═══ Extracted data ═══

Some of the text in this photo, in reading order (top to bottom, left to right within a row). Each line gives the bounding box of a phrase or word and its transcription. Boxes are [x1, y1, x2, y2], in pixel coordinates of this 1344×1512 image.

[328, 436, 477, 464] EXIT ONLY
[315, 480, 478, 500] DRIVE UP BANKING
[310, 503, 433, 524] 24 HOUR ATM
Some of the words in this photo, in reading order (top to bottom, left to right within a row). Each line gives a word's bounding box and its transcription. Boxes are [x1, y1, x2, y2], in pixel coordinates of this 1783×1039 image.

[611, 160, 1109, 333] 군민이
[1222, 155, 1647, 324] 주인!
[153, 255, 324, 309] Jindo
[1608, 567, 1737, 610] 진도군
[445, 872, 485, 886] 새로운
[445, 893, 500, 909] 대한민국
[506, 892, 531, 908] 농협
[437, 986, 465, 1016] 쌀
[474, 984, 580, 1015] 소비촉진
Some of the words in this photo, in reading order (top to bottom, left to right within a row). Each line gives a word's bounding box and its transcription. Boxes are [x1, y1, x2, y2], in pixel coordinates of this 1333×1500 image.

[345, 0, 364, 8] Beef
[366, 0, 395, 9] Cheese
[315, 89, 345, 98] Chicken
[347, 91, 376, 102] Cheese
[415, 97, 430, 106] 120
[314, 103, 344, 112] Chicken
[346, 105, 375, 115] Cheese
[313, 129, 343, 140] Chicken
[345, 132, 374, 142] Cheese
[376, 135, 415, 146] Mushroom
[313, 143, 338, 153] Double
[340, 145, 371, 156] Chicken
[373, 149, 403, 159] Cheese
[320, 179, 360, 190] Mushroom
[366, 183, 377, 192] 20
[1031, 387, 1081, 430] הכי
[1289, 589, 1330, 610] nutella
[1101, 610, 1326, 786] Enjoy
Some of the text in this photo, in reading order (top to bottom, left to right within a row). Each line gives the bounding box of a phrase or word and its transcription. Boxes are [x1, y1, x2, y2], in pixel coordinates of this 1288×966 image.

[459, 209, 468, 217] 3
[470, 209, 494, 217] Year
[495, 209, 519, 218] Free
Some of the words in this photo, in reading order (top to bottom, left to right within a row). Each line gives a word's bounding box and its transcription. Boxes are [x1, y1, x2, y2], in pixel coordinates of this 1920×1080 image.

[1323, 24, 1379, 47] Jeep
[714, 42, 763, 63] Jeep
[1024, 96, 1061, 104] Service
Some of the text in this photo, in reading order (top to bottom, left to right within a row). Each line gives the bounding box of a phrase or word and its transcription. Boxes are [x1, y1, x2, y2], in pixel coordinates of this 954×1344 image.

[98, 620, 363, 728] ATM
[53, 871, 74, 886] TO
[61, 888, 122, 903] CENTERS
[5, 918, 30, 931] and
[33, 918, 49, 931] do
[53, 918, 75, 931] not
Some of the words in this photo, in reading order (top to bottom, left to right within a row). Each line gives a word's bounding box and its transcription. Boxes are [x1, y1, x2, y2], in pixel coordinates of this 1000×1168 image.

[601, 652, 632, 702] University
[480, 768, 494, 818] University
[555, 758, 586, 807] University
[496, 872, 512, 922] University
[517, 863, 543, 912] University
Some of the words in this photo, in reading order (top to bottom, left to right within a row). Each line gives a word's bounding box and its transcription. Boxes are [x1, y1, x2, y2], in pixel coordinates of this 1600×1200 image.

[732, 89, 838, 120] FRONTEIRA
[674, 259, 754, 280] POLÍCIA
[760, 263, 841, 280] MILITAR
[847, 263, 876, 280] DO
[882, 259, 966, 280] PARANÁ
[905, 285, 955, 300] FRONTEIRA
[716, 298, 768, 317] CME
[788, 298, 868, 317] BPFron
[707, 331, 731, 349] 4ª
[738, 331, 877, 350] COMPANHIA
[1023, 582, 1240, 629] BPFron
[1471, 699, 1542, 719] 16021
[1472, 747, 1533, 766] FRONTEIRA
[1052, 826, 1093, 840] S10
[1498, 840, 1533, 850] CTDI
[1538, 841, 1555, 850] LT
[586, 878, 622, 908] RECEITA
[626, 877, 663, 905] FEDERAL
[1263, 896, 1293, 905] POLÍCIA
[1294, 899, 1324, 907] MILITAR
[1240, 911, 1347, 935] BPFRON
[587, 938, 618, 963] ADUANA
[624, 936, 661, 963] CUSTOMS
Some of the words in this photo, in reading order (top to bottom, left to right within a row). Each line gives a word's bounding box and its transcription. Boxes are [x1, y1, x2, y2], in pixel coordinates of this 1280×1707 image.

═══

* Task details:
The full listing above needs to be transcribed exactly.

* Task solution:
Some of the text in this photo, in reading order (top to bottom, left to right within a row). Each line gives the bounding box of a phrase or word and its transcription. Boxes are [x1, y1, x2, y2], in pixel coordinates of this 1344×1512 image.

[328, 436, 477, 464] EXIT ONLY
[315, 480, 478, 500] DRIVE UP BANKING
[310, 503, 433, 524] 24 HOUR ATM
Some of the words in this photo, in reading order (top to bottom, left to right within a row). Each line gives a word's bounding box and its transcription. Boxes are [x1, y1, x2, y2], in pixel coordinates of this 1783×1039 image.

[611, 160, 1109, 333] 군민이
[1222, 155, 1647, 324] 주인!
[153, 255, 324, 309] Jindo
[1608, 567, 1737, 610] 진도군
[445, 872, 485, 886] 새로운
[445, 893, 500, 909] 대한민국
[506, 892, 531, 908] 농협
[437, 986, 465, 1016] 쌀
[474, 984, 580, 1015] 소비촉진
Some of the words in this photo, in reading order (top to bottom, left to right within a row). Each line gives a word's bounding box and its transcription. Boxes are [x1, y1, x2, y2], in pixel coordinates of this 1333×1500 image.

[345, 0, 364, 8] Beef
[366, 0, 395, 9] Cheese
[315, 89, 345, 98] Chicken
[347, 91, 376, 102] Cheese
[415, 97, 430, 106] 120
[314, 103, 344, 112] Chicken
[346, 105, 375, 115] Cheese
[313, 129, 343, 140] Chicken
[345, 132, 374, 142] Cheese
[376, 135, 415, 146] Mushroom
[313, 143, 338, 153] Double
[340, 145, 371, 156] Chicken
[373, 149, 403, 159] Cheese
[320, 179, 360, 190] Mushroom
[366, 183, 377, 192] 20
[1031, 387, 1081, 430] הכי
[1289, 589, 1330, 610] nutella
[1101, 610, 1326, 786] Enjoy
Some of the text in this photo, in reading order (top to bottom, left to right within a row). Each line gives the bounding box of a phrase or word and its transcription. Boxes are [x1, y1, x2, y2], in pixel coordinates of this 1288×966 image.

[459, 209, 468, 217] 3
[470, 209, 494, 217] Year
[495, 209, 519, 218] Free
Some of the words in this photo, in reading order (top to bottom, left to right within a row). Each line gives a word's bounding box and its transcription. Boxes are [x1, y1, x2, y2], in pixel coordinates of this 1920×1080 image.

[1323, 24, 1379, 47] Jeep
[714, 42, 763, 63] Jeep
[1024, 96, 1061, 104] Service
Some of the text in this photo, in reading order (top to bottom, left to right within a row). Each line gives the bounding box of a phrase or word and its transcription. Boxes are [x1, y1, x2, y2], in pixel coordinates of this 954×1344 image.

[98, 620, 363, 728] ATM
[53, 871, 74, 886] TO
[61, 888, 122, 903] CENTERS
[5, 918, 30, 931] and
[33, 918, 49, 931] do
[53, 918, 75, 931] not
Some of the words in this photo, in reading order (top to bottom, left to right within a row). Each line gives a word's bounding box and its transcription. Boxes are [x1, y1, x2, y2], in pixel coordinates of this 1000×1168 image.

[601, 652, 632, 702] University
[480, 768, 494, 818] University
[555, 758, 586, 807] University
[496, 872, 512, 922] University
[517, 863, 543, 912] University
Some of the words in this photo, in reading order (top to bottom, left to right within a row). Each line gives a word's bounding box and its transcription. Boxes are [x1, y1, x2, y2], in pixel coordinates of this 1600×1200 image.

[732, 89, 838, 120] FRONTEIRA
[674, 259, 754, 280] POLÍCIA
[760, 263, 841, 280] MILITAR
[847, 263, 876, 280] DO
[882, 259, 966, 280] PARANÁ
[905, 285, 955, 300] FRONTEIRA
[716, 298, 768, 317] CME
[788, 298, 868, 317] BPFron
[707, 331, 731, 349] 4ª
[738, 331, 877, 350] COMPANHIA
[1023, 582, 1240, 629] BPFron
[1471, 699, 1542, 719] 16021
[1472, 747, 1533, 766] FRONTEIRA
[1052, 826, 1093, 840] S10
[1498, 840, 1533, 850] CTDI
[1538, 841, 1555, 850] LT
[586, 878, 622, 908] RECEITA
[626, 877, 663, 905] FEDERAL
[1263, 896, 1293, 905] POLÍCIA
[1294, 899, 1324, 907] MILITAR
[1240, 911, 1347, 935] BPFRON
[587, 938, 618, 963] ADUANA
[624, 936, 661, 963] CUSTOMS
Some of the words in this photo, in reading order (top to bottom, left to right within a row). Each line gives a word's bounding box and its transcription. Boxes are [x1, y1, x2, y2], in pixel coordinates of this 1280×1707 image.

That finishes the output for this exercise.